With Gump screenwriter Eric Roth acknowledged prominently in the credits, Laal Singh Chaddha cleaves very closely to the original’s premise: a check-shirted simpleton (Khan), guided by the homespun wisdom of his doting single mother (Mona Singh), moves blithely through big events in his country’s recent history, while pining after his childhood love (Kareena Kapoor). But director Chandan and screenwriter Atul Kulkarni don’t just stick to the plot like glue — they also import classic dialogue (“Peas and carrots”, “That’s all I have to say about that”); motifs (the white feather); set-pieces (jettisoning his leg-braces while being chased by bullies); and images wholesale. When Laal and Rupa sit on a tree watching the sun set, it looks like they’ve been photoshopped directly into Zemeckis’ film.
"As Laal, Khan engages in more broad mugging than Tom Hanks ever did, but he is a likeable, gentle presence"
Starting in the ’70s rather than the ’50s, the story boasts some successful changes. Rather than a park bench, Laal spins his story in a crowded train carriage, the captive audience making more sense and generating more intensity than Zemeckis’ passing strangers. Meanwhile, the second half finds some new licks of its own. Post war, Laal starts a very different kind of business to a shrimp company, and his relationship with the Lieutenant Dan figure, Manav Vij’s Mohammed Baaji, is given a fresh, interesting dynamic. The second storyline, involving Rupa seeking fame and fortune by becoming a gangster’s moll, gives the character a little more agency, although her ‘mystery’ terminal illness in the last reel feels even more superfluous stripped of the ’80s AIDS context.

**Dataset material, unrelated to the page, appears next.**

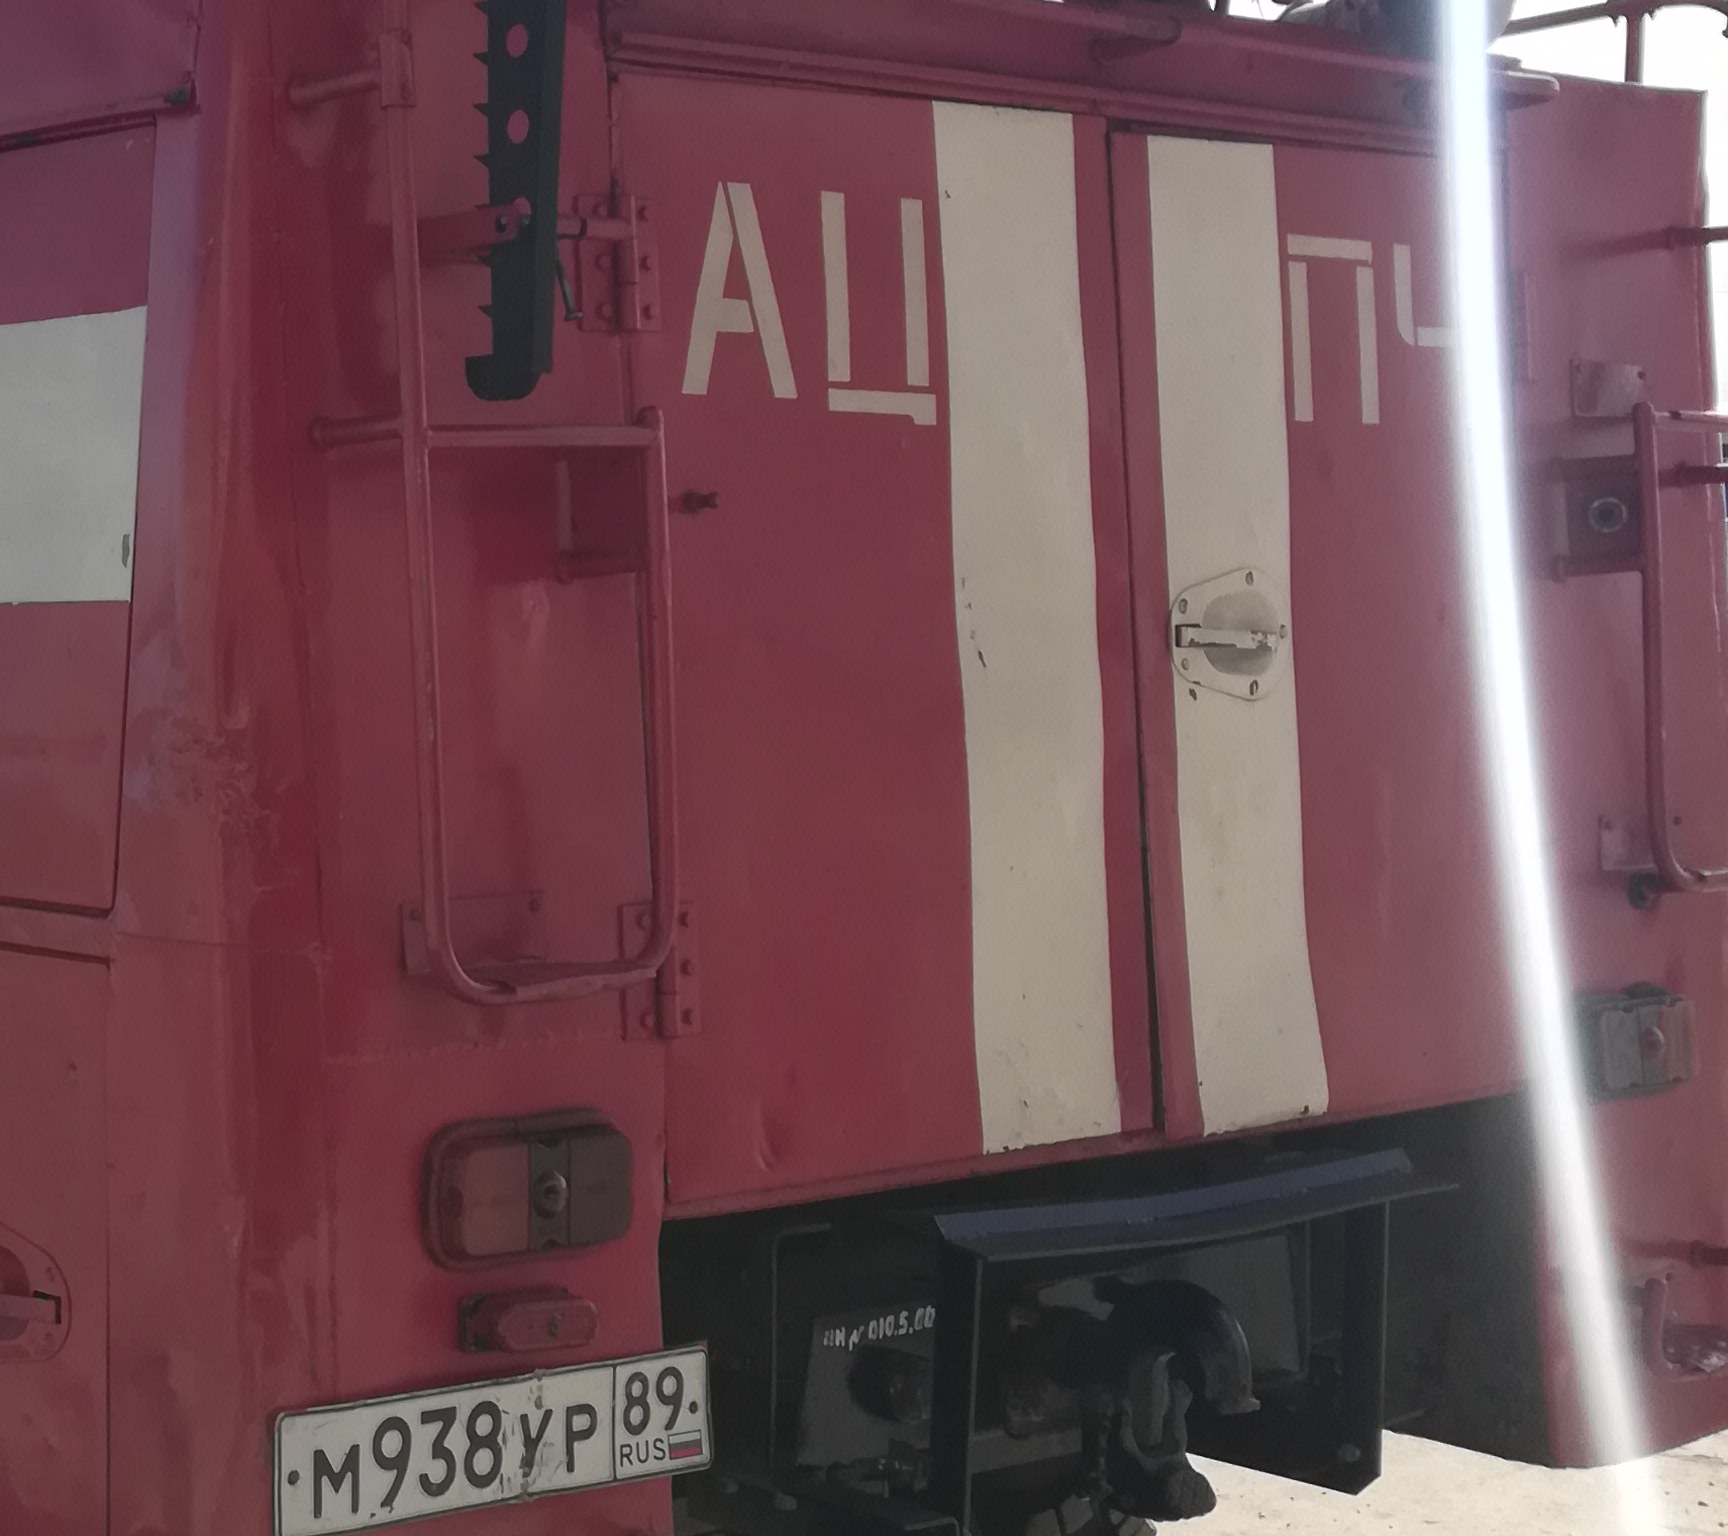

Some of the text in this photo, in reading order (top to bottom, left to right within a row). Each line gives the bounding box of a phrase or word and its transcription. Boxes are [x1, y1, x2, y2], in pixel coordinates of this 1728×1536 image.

[682, 181, 937, 425] АЦ
[313, 1366, 685, 1520] М938УР 89
[619, 1437, 667, 1468] RUS

As ever with Indian cinema, there are musical interludes — but no song-and-dance numbers, just syrupy songs about fate and destiny played over montages. Save a charming vignette in which young Laal (Ahmad Ibn Umar) teaches the actual Shah Rukh Khan his signature dance move, Chandan’s film doesn’t indulge too heavily in the protagonist-as-a-participant-in-the-tide-of-history gambit. The current of landmark events flows around him (often shown on TV) rather than through him. There are some tougher moments — during rioting after Indira Gandhi’s assassination, Laal’s mother chops off his hair to disguise his Sikh upbringing — but Laal Singh Chaddha trades in a similar level of sentiment to its predecessor. As Laal, Khan engages in more broad mugging than Tom Hanks ever did, but he is a likeable, gentle presence and makes for a winning centre. Even so, despite the shifts in cultural context, he can’t make you escape the overwhelming feeling of déjà vu.